Your goal:
Can you print the data exactly and leave out each image?

(Beginning of Data provided)

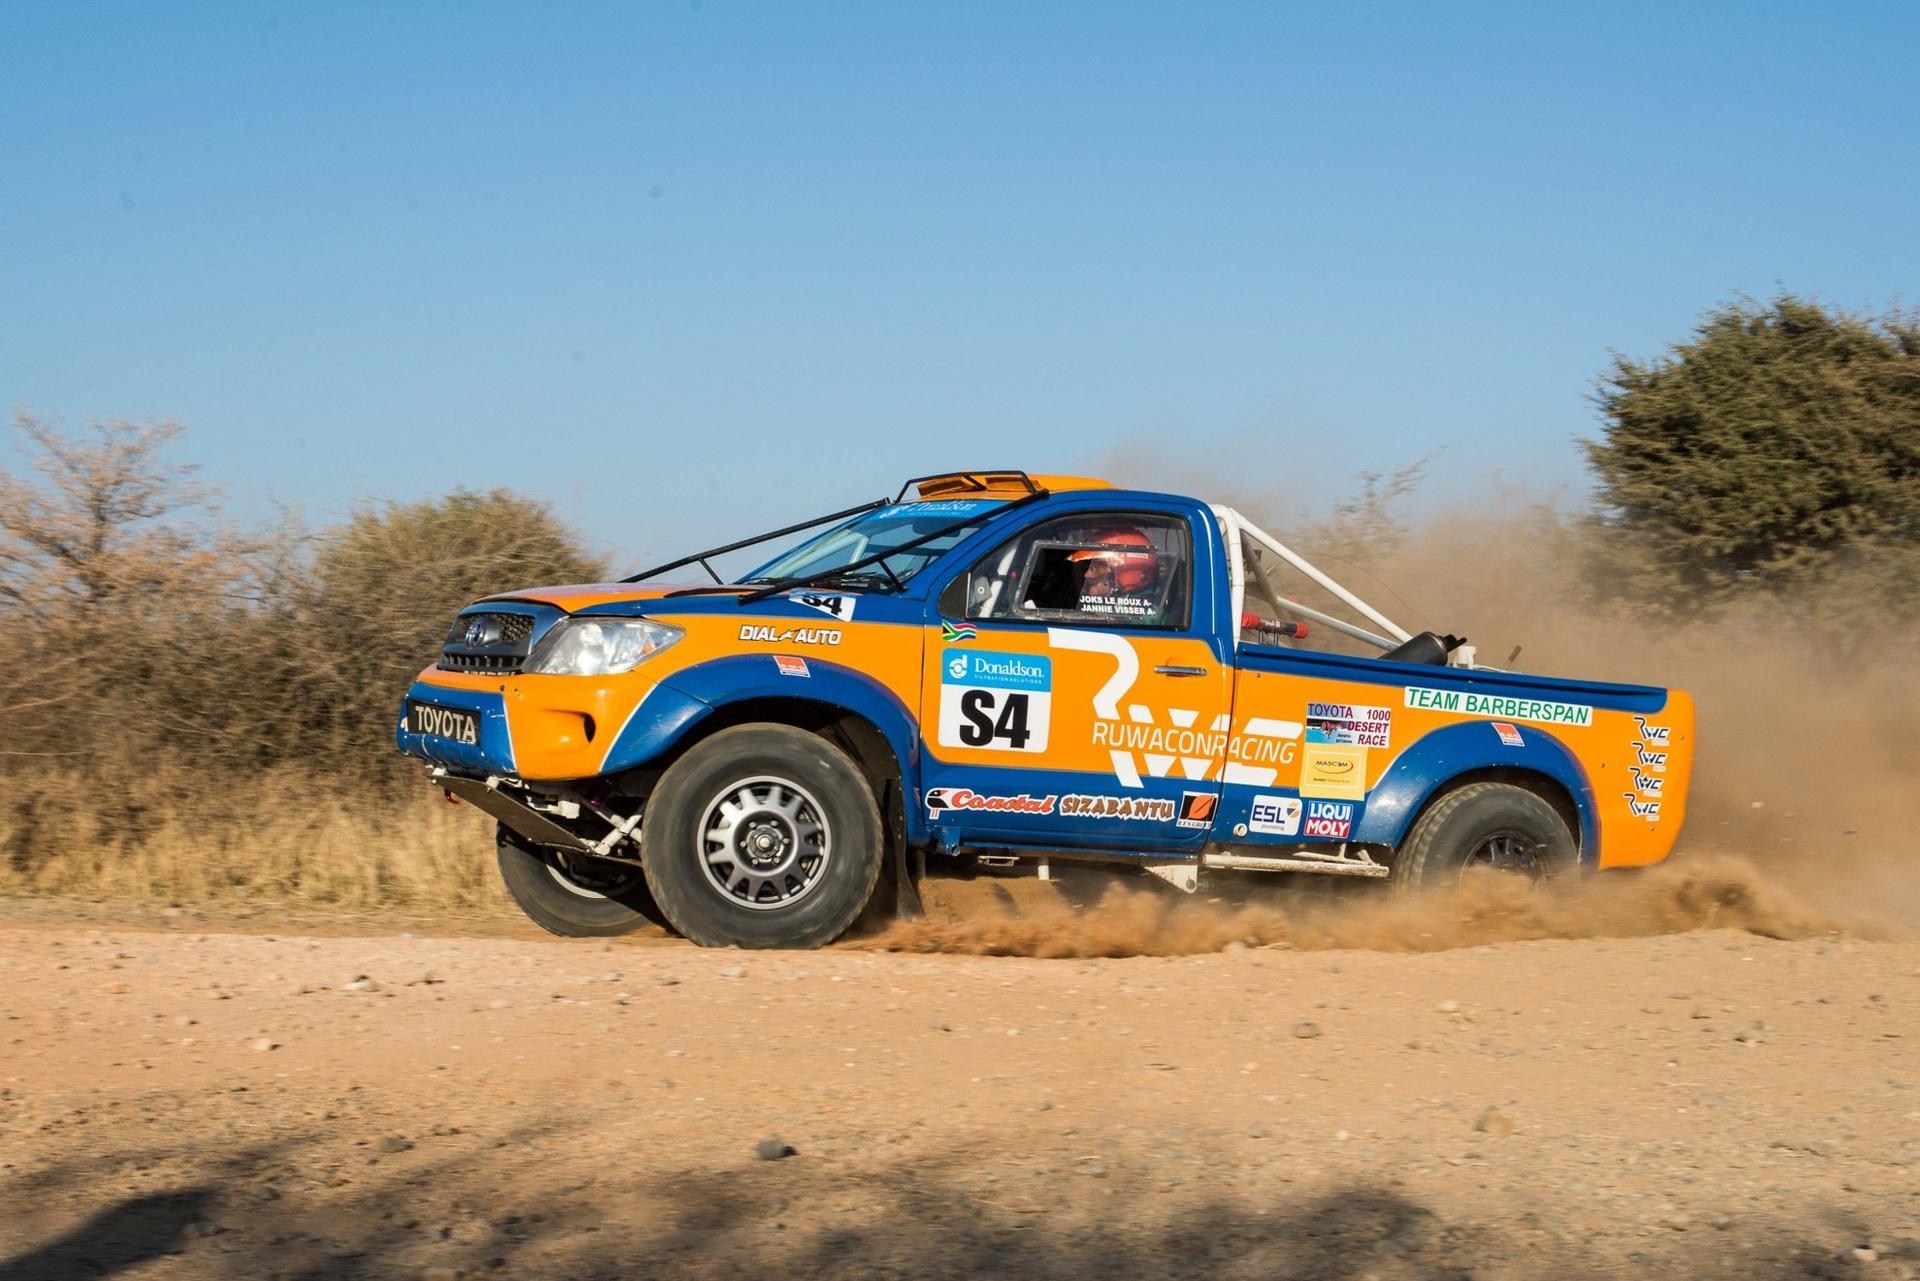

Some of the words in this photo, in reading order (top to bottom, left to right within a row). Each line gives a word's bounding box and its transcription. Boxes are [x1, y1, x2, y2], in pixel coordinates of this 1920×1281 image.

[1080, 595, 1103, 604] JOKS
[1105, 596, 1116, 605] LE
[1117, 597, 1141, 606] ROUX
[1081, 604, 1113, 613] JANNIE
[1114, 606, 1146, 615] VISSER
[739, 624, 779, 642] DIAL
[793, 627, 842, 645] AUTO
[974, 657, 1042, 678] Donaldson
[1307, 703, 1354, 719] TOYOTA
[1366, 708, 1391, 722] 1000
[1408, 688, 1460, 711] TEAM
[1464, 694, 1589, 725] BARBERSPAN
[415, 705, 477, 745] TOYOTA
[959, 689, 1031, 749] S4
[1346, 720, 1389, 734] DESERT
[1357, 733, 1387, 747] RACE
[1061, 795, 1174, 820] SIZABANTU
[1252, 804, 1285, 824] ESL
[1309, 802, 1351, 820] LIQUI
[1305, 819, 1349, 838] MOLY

(End of Data provided)

Output of the task:
Some of the words in this photo, in reading order (top to bottom, left to right within a row). Each line gives a word's bounding box and its transcription. Boxes are [x1, y1, x2, y2], in pixel coordinates of this 1920×1281 image.

[1080, 595, 1103, 604] JOKS
[1105, 596, 1116, 605] LE
[1117, 597, 1141, 606] ROUX
[1081, 604, 1113, 613] JANNIE
[1114, 606, 1146, 615] VISSER
[739, 624, 779, 642] DIAL
[793, 627, 842, 645] AUTO
[974, 657, 1042, 678] Donaldson
[1307, 703, 1354, 719] TOYOTA
[1366, 708, 1391, 722] 1000
[1408, 688, 1460, 711] TEAM
[1464, 694, 1589, 725] BARBERSPAN
[415, 705, 477, 745] TOYOTA
[959, 689, 1031, 749] S4
[1346, 720, 1389, 734] DESERT
[1357, 733, 1387, 747] RACE
[1061, 795, 1174, 820] SIZABANTU
[1252, 804, 1285, 824] ESL
[1309, 802, 1351, 820] LIQUI
[1305, 819, 1349, 838] MOLY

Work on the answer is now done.